Juneteenth (June 19th) is not a "holiday celebrating when news of the end of slavery finally reached Texas." No. Just no. Y'all make it sound like network latency! Like we were playing Fortnite, and all the Black players were lagging.🤡

Juneteenth is when the racist state of Texas took another very public L. Texas did everything it could to keep slavery going as long as possible. They gave up land to Oklahoma, so they could be below the slavery line. The Alamo was a victory for abolitionists.

Texas should look like Kid's hair. But it looks like Play's hair. Because Texas wanted to hold onto that racism just a little bit longer.

The Alamo was also a fight to preserve Texas's right to keep slavery going. They lost.

You can't just keep lying and changing how history is taught to hide the shamefulness of racism. If you want to be remembered as the good guys, maybe try being the good guys!

Otherwise, you'll just be embarrassed when your kids and grand kids learn the truth about you.

They teach you about the Alamo. But they don't teach you about the Nueces massacre. At the start of the civil war, almost a hundred armed German Texans (who opposed slavery♥️🙏🏿) tried to flee South to Mexico, so that they could make it over to New Orleans. The Confederate soldiers caught them and massacred them.

Robstown in Nueces County, was one of the last places to begrudgingly give up slavery 2 years after the emancipation proclamation.

This is the logo of the Robstown football team today.🤡

Why are white Texans who died bravely fighting to keep slavery going remembered as heroes? But white Texans who died bravely fighting to oppose slavery, forgotten and not talked about? 🤔

What are we really celebrating?

"Everyone was racist back then!" No. No they weren't. Stop saying that.

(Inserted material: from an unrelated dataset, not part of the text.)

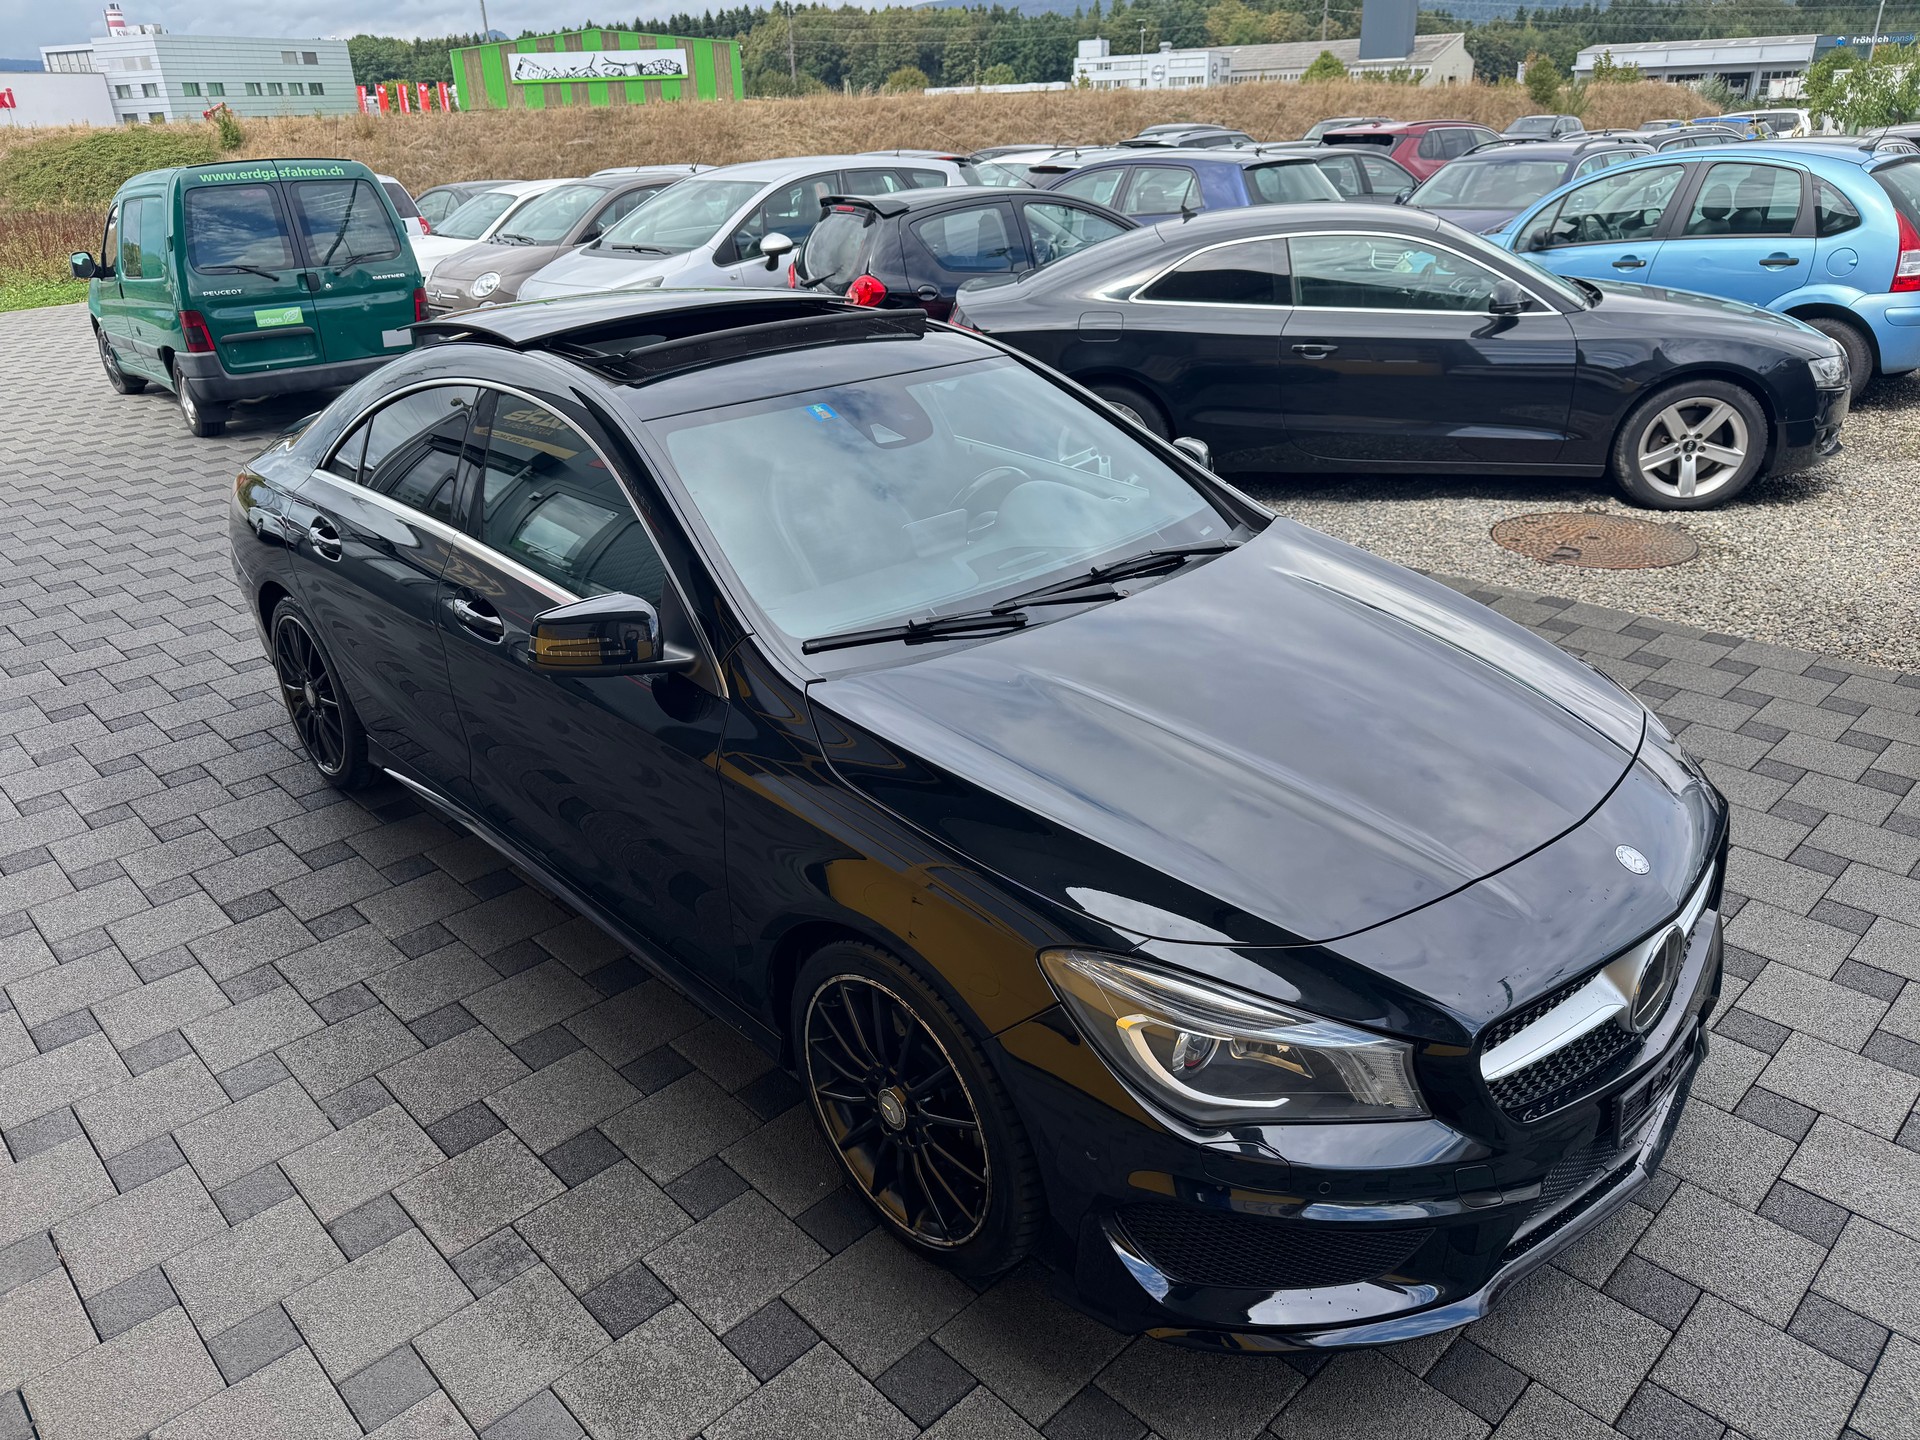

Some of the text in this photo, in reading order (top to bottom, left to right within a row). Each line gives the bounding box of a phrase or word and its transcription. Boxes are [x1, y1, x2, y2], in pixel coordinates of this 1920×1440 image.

[199, 165, 344, 182] www.erdgasfahren.ch
[203, 288, 242, 297] PEUGEOT
[258, 316, 282, 326] erdgas

@mekkaokereke America has had abolitionists in some form or another for as long as America has existed. When people say everyone was racist back then, what they mean is that the racist people were undeniably in charge.
@BootyLasher @mekkaokereke agreed. But with this additional note: A good many abolitionists were nonetheless racists. They believed that slavery was an abomination. And they also believed Blacks were inferior to whites.
@mickeleh @BootyLasher @mekkaokereke I've got a portion of a letter one of my ancestors wrote explaining on his deathbed why he had become an abolistionist.. only after seeing how slaves weren't treated like they were people.. I'm glad he knew slaves were people who should be treated like people, but not that impressed by his conclusion because it implies if he hadn't seen dehumanization he might not have thought slavery was bad. Both 'they're people' and 'slavery bad' should be simultaneous.